(Spatial localization data)
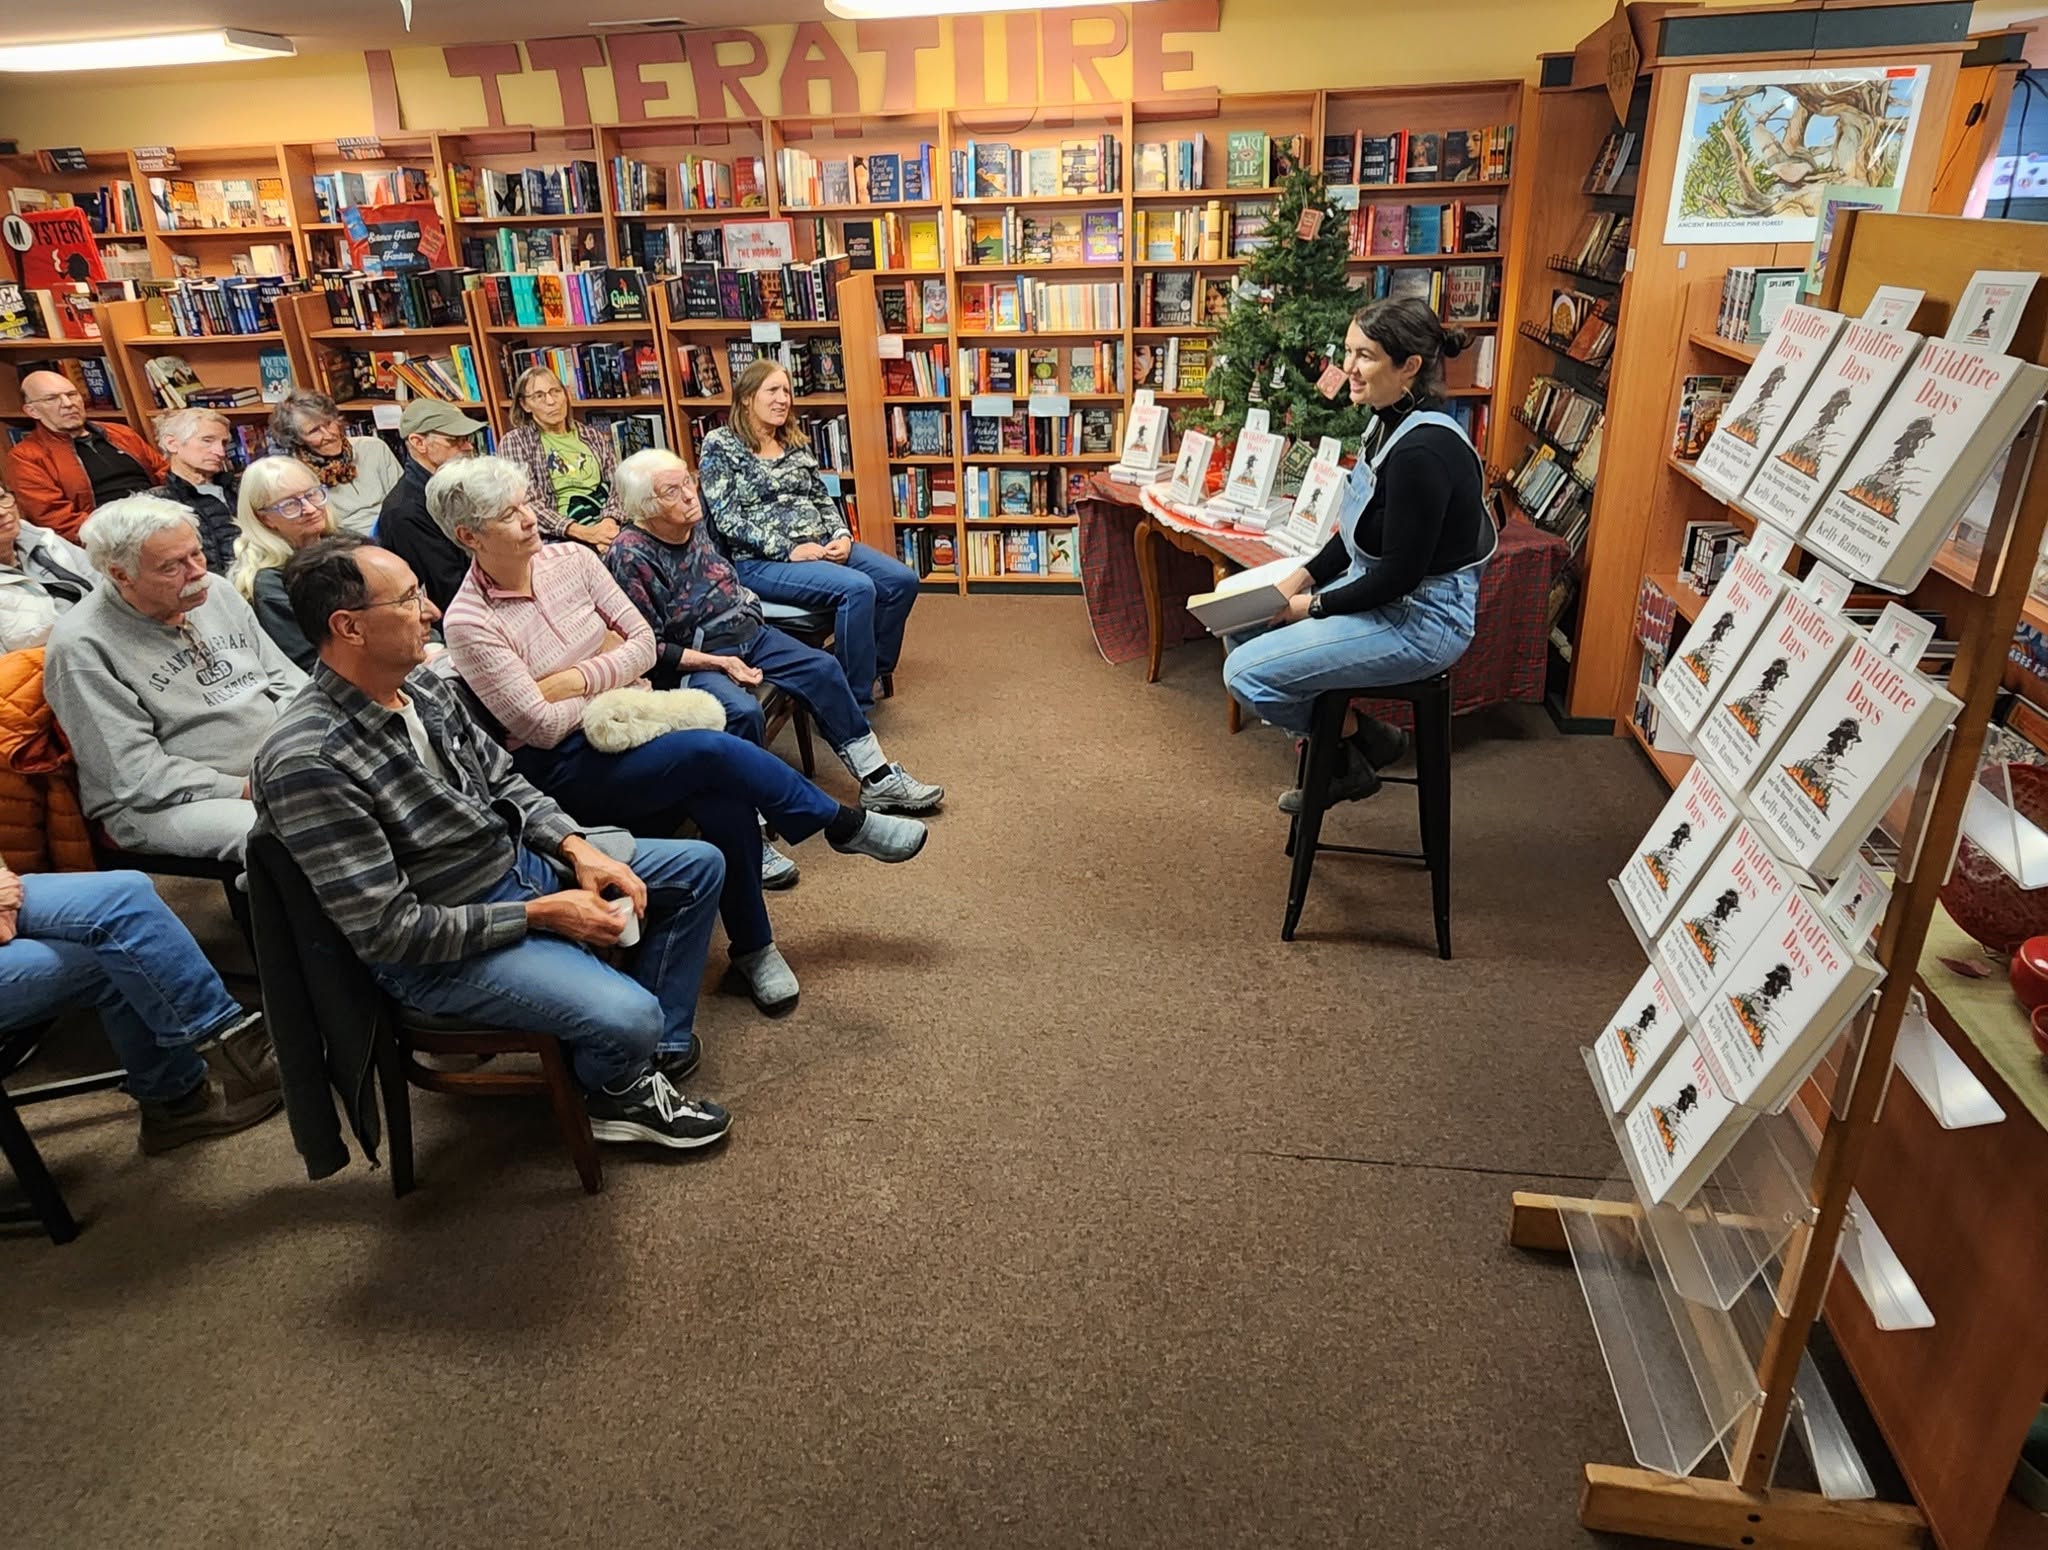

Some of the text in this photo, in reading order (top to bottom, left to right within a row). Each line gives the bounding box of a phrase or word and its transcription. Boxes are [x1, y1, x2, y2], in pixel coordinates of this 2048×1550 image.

[364, 4, 1222, 153] LITERATURE
[1239, 136, 1263, 151] ART
[1235, 160, 1259, 177] LIE
[8, 217, 88, 246] MYSTERY
[394, 228, 420, 241] Fiction
[382, 250, 415, 263] Fantasy
[610, 289, 640, 309] Elphie
[1450, 292, 1478, 305] GONE
[1463, 281, 1482, 293] FAR
[1780, 306, 1830, 341] Wildfire
[1775, 334, 1804, 363] Days
[1844, 324, 1904, 362] Wildfire
[260, 356, 289, 369] ANCIENT
[265, 367, 285, 379] ONES
[1839, 354, 1874, 386] Days
[1917, 344, 2001, 391] Wildfire
[1914, 378, 1963, 416] Days
[1816, 520, 1838, 546] Kelly
[1837, 533, 1872, 568] Ramsey
[1731, 554, 1773, 601] Wildfire
[1726, 582, 1752, 616] Days
[1783, 595, 1835, 650] Wildfire
[1778, 624, 1810, 663] Days
[197, 662, 231, 685] UCSB
[1850, 645, 1917, 715] Wildfire
[1846, 679, 1885, 727] Days
[1685, 793, 1709, 830] Days
[1688, 766, 1727, 823] Wildfire
[1760, 790, 1806, 852] Kelly Ramsey
[1731, 857, 1760, 901] Days
[1735, 827, 1782, 897] Wildfire
[1780, 928, 1813, 979] Days
[1786, 893, 1841, 976] Wildfire
[1692, 1055, 1715, 1099] Days

WHAT TO WORK ON =
Restate the entries verbatim, without pictures.

RESULT =
Some of the text in this photo, in reading order (top to bottom, left to right within a row). Each line gives the bounding box of a phrase or word and its transcription. Boxes are [x1, y1, x2, y2], in pixel coordinates of this 2048×1550 image.

[364, 4, 1222, 153] LITERATURE
[1239, 136, 1263, 151] ART
[1235, 160, 1259, 177] LIE
[8, 217, 88, 246] MYSTERY
[394, 228, 420, 241] Fiction
[382, 250, 415, 263] Fantasy
[610, 289, 640, 309] Elphie
[1450, 292, 1478, 305] GONE
[1463, 281, 1482, 293] FAR
[1780, 306, 1830, 341] Wildfire
[1775, 334, 1804, 363] Days
[1844, 324, 1904, 362] Wildfire
[260, 356, 289, 369] ANCIENT
[265, 367, 285, 379] ONES
[1839, 354, 1874, 386] Days
[1917, 344, 2001, 391] Wildfire
[1914, 378, 1963, 416] Days
[1816, 520, 1838, 546] Kelly
[1837, 533, 1872, 568] Ramsey
[1731, 554, 1773, 601] Wildfire
[1726, 582, 1752, 616] Days
[1783, 595, 1835, 650] Wildfire
[1778, 624, 1810, 663] Days
[197, 662, 231, 685] UCSB
[1850, 645, 1917, 715] Wildfire
[1846, 679, 1885, 727] Days
[1685, 793, 1709, 830] Days
[1688, 766, 1727, 823] Wildfire
[1760, 790, 1806, 852] Kelly Ramsey
[1731, 857, 1760, 901] Days
[1735, 827, 1782, 897] Wildfire
[1780, 928, 1813, 979] Days
[1786, 893, 1841, 976] Wildfire
[1692, 1055, 1715, 1099] Days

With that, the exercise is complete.